▶ _Exercise description_: Leave out all pictures while repeating the records exactly and completely.

▶ _Information shown_:
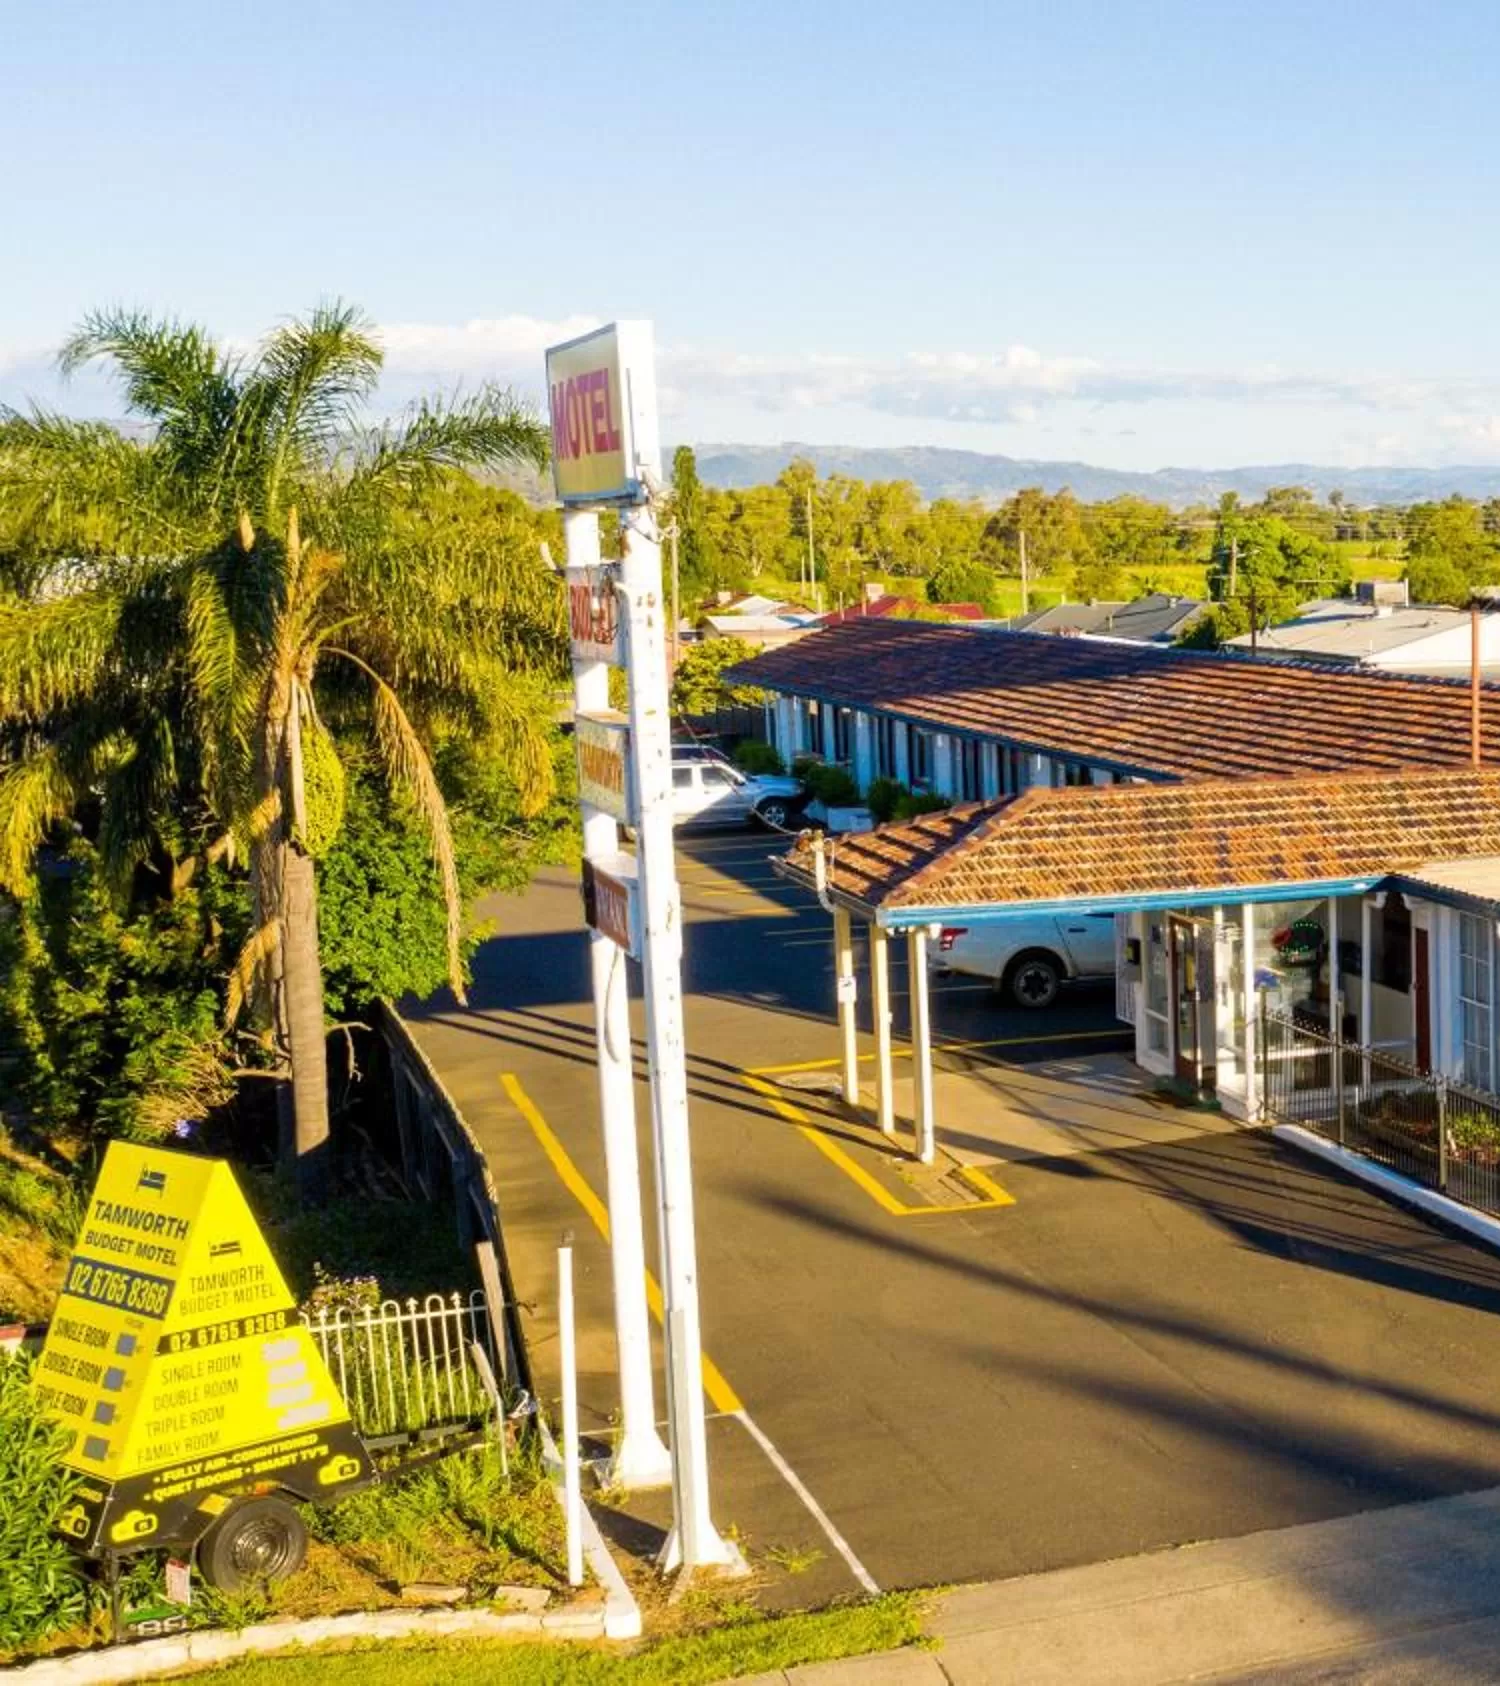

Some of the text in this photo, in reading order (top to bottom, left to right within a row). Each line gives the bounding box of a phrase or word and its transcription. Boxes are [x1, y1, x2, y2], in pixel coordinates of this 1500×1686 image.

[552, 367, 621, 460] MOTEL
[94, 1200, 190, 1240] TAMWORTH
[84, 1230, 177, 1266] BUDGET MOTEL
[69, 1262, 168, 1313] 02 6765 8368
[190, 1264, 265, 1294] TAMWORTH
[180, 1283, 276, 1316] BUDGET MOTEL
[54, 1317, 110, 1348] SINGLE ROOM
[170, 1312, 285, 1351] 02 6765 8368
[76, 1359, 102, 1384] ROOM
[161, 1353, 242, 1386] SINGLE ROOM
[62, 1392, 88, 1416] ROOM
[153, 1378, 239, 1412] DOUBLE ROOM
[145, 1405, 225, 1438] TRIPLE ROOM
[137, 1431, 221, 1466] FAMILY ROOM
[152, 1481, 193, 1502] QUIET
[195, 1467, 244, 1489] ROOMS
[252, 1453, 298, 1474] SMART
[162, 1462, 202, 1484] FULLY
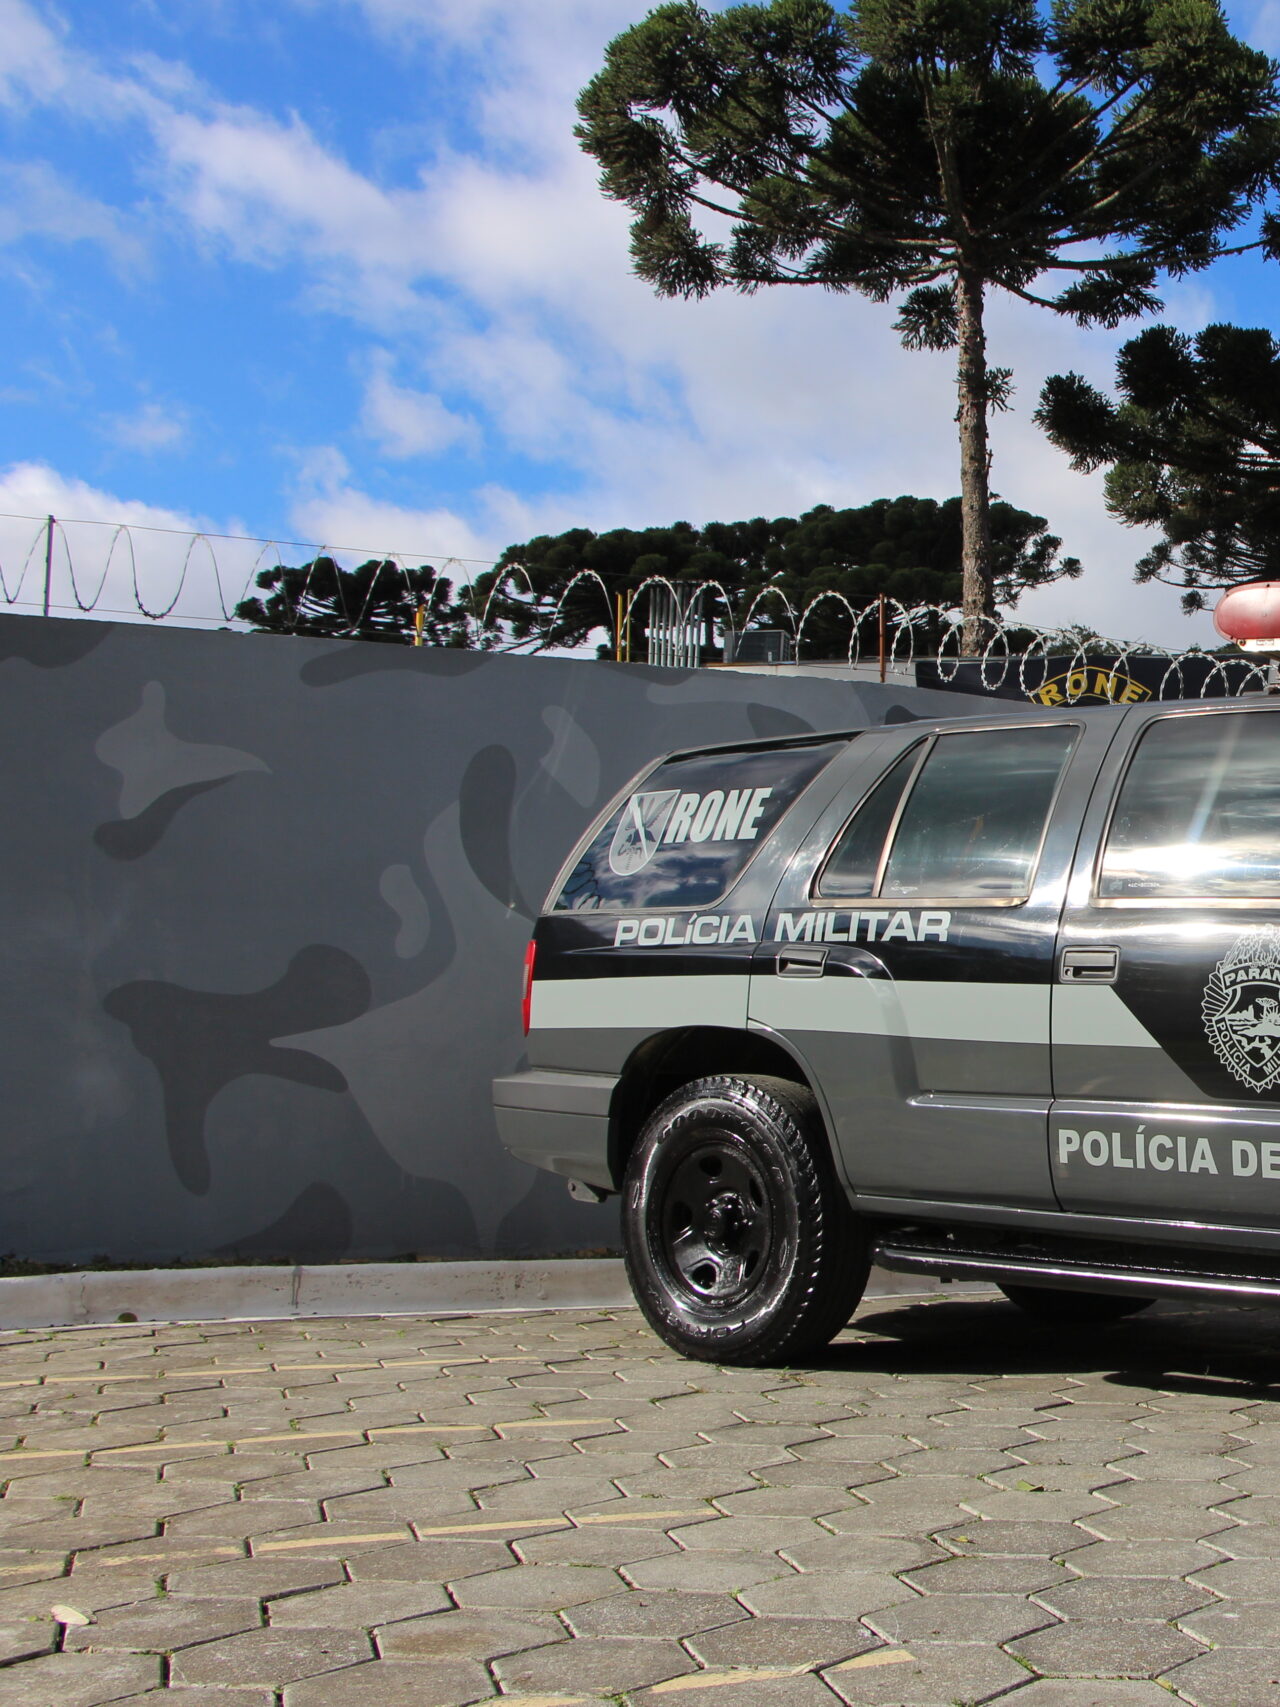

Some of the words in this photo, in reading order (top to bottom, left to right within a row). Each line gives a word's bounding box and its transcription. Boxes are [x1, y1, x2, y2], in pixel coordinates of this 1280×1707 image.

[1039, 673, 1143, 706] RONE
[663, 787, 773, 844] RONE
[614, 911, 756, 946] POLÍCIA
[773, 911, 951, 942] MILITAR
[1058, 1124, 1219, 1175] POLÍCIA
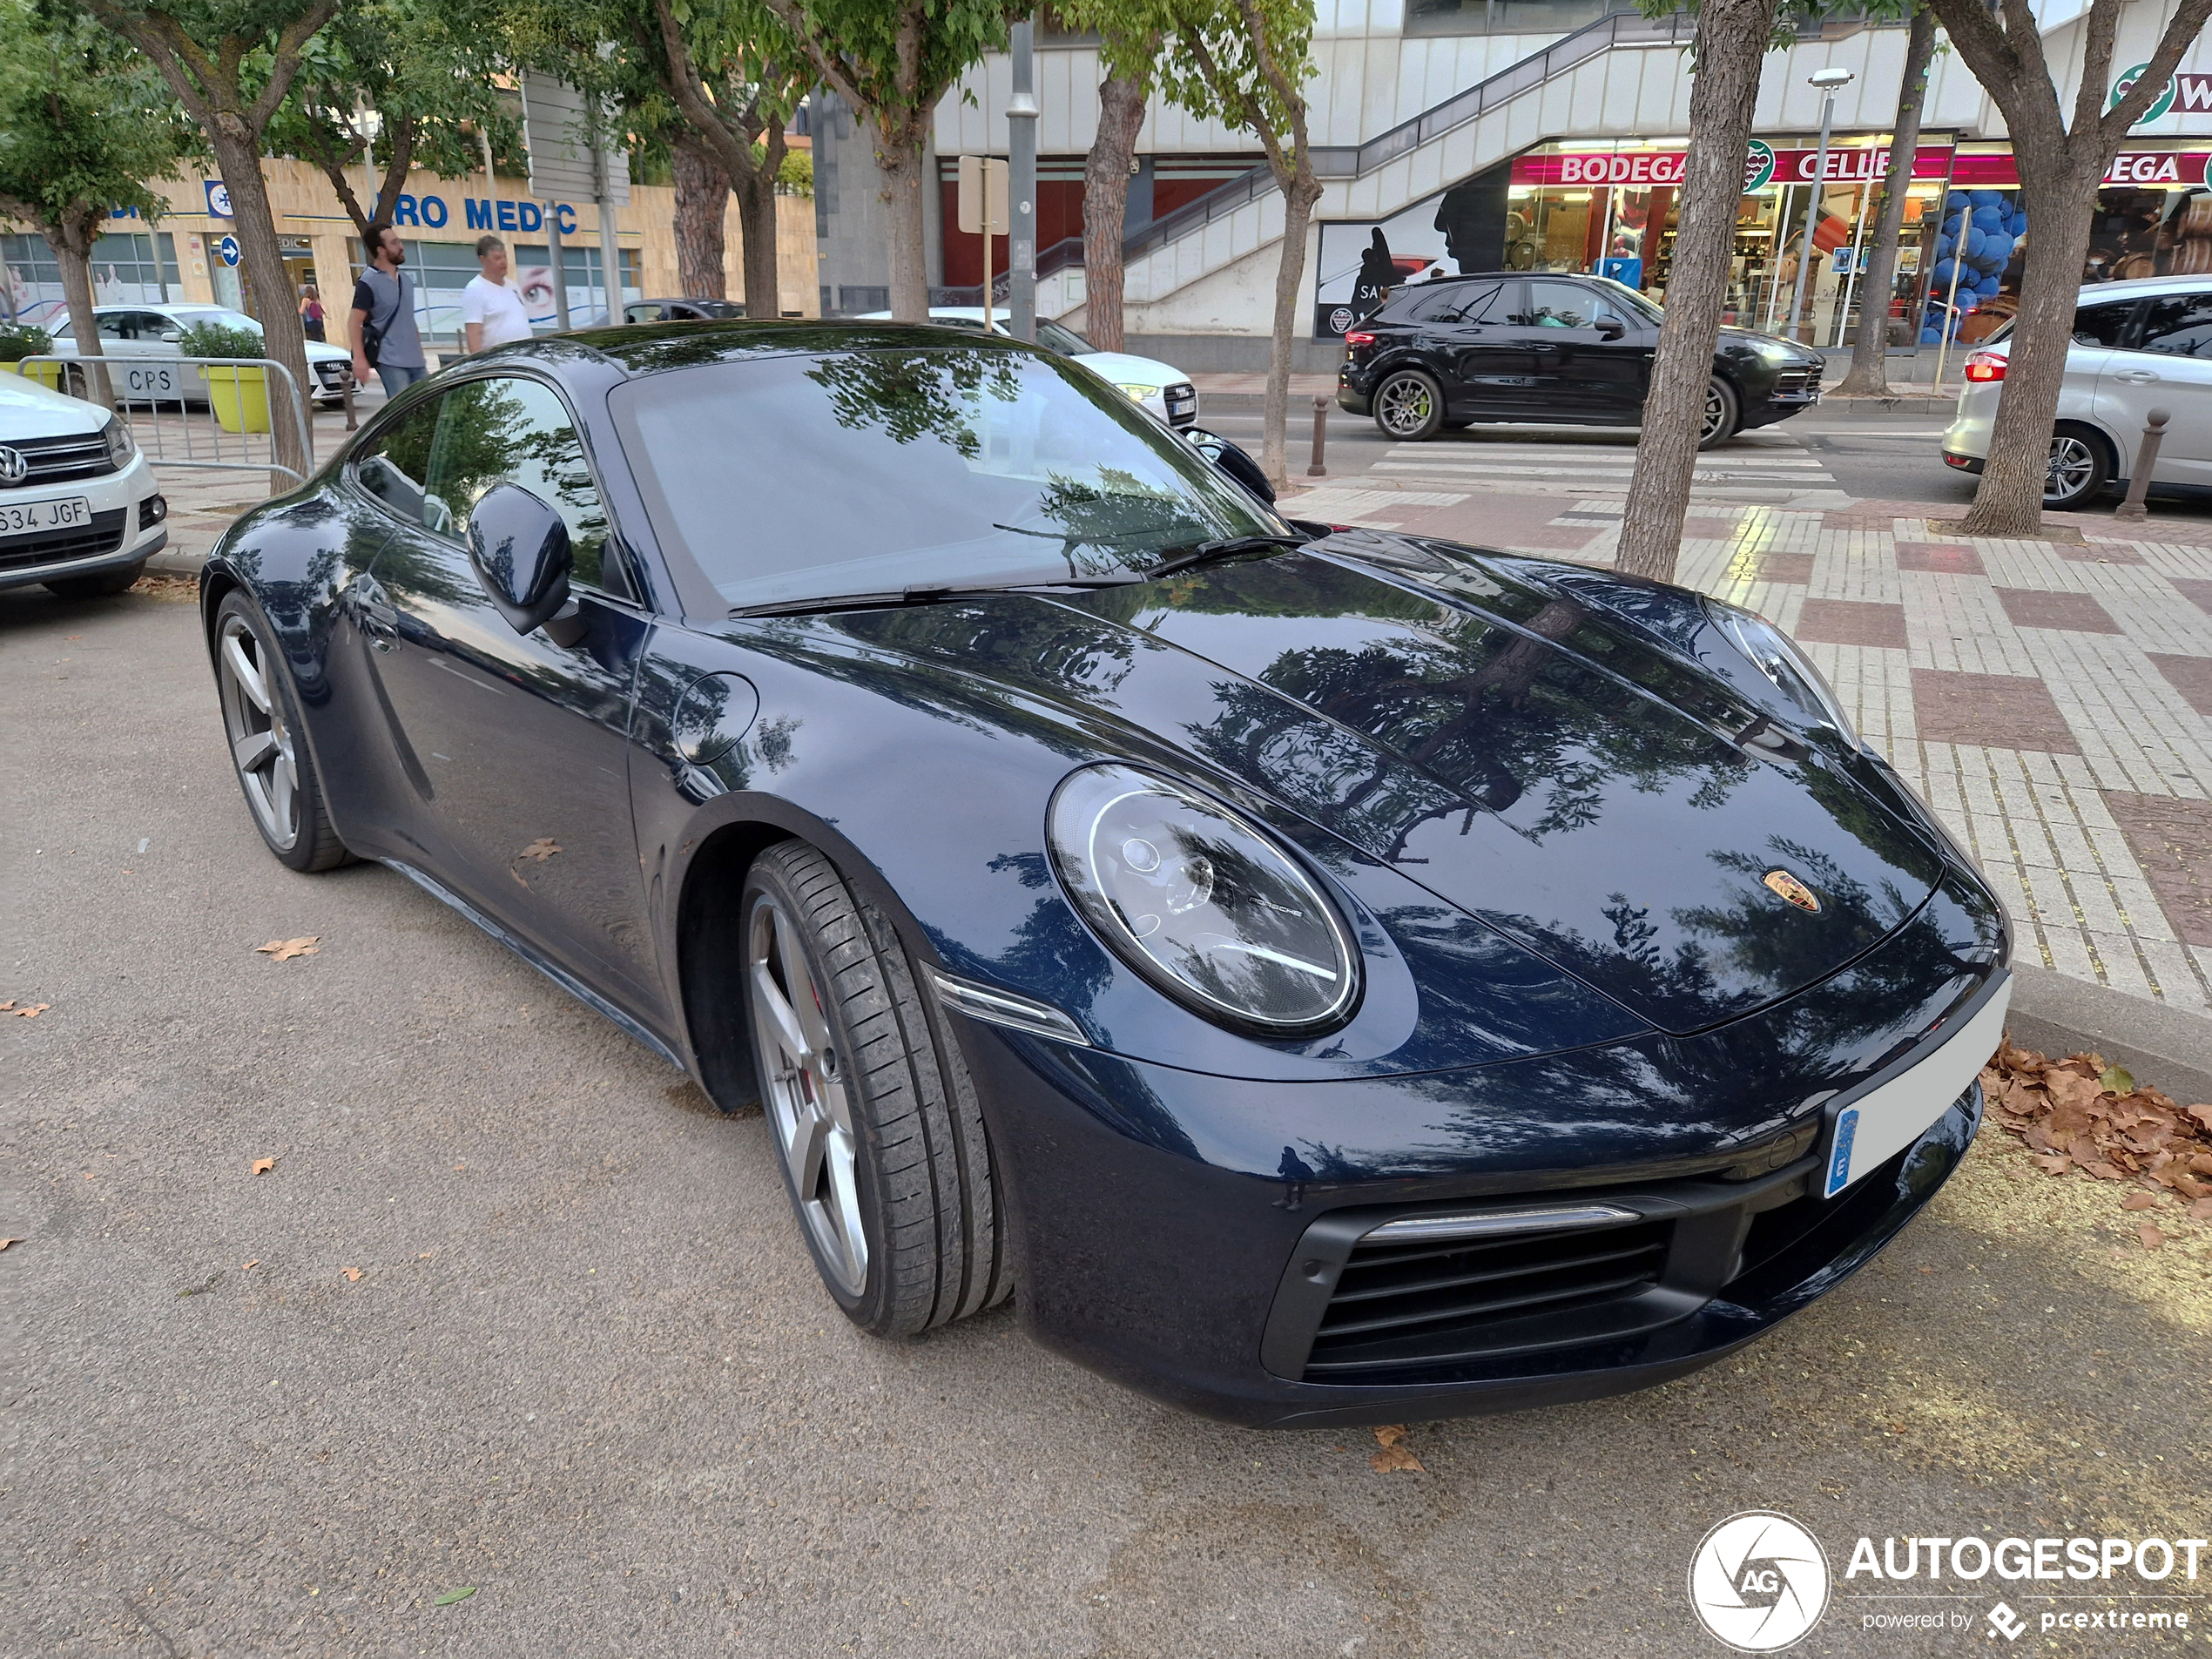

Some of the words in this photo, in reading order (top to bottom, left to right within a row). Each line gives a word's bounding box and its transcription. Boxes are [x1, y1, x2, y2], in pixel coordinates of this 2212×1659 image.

▶ _Final answer_:
Some of the text in this photo, in reading order (top to bottom, left to right within a row). Each line gives the bounding box of a phrase or word and its transcription. Boxes are [x1, y1, x2, y2], in pixel coordinates of this 1500×1686 image.

[552, 367, 621, 460] MOTEL
[94, 1200, 190, 1240] TAMWORTH
[84, 1230, 177, 1266] BUDGET MOTEL
[69, 1262, 168, 1313] 02 6765 8368
[190, 1264, 265, 1294] TAMWORTH
[180, 1283, 276, 1316] BUDGET MOTEL
[54, 1317, 110, 1348] SINGLE ROOM
[170, 1312, 285, 1351] 02 6765 8368
[76, 1359, 102, 1384] ROOM
[161, 1353, 242, 1386] SINGLE ROOM
[62, 1392, 88, 1416] ROOM
[153, 1378, 239, 1412] DOUBLE ROOM
[145, 1405, 225, 1438] TRIPLE ROOM
[137, 1431, 221, 1466] FAMILY ROOM
[152, 1481, 193, 1502] QUIET
[195, 1467, 244, 1489] ROOMS
[252, 1453, 298, 1474] SMART
[162, 1462, 202, 1484] FULLY

Some of the words in this photo, in reading order (top to bottom, left to right within a row). Each line gives a word's bounding box and its transcription. Boxes are [x1, y1, x2, y2], in pixel coordinates of this 1280×1707 image.

[1039, 673, 1143, 706] RONE
[663, 787, 773, 844] RONE
[614, 911, 756, 946] POLÍCIA
[773, 911, 951, 942] MILITAR
[1058, 1124, 1219, 1175] POLÍCIA

Some of the words in this photo, in reading order (top to bottom, left to right within a row). Each line gives a word's bounding box and its transcription. Boxes are [x1, y1, x2, y2], in pixel coordinates of this 2212×1659 image.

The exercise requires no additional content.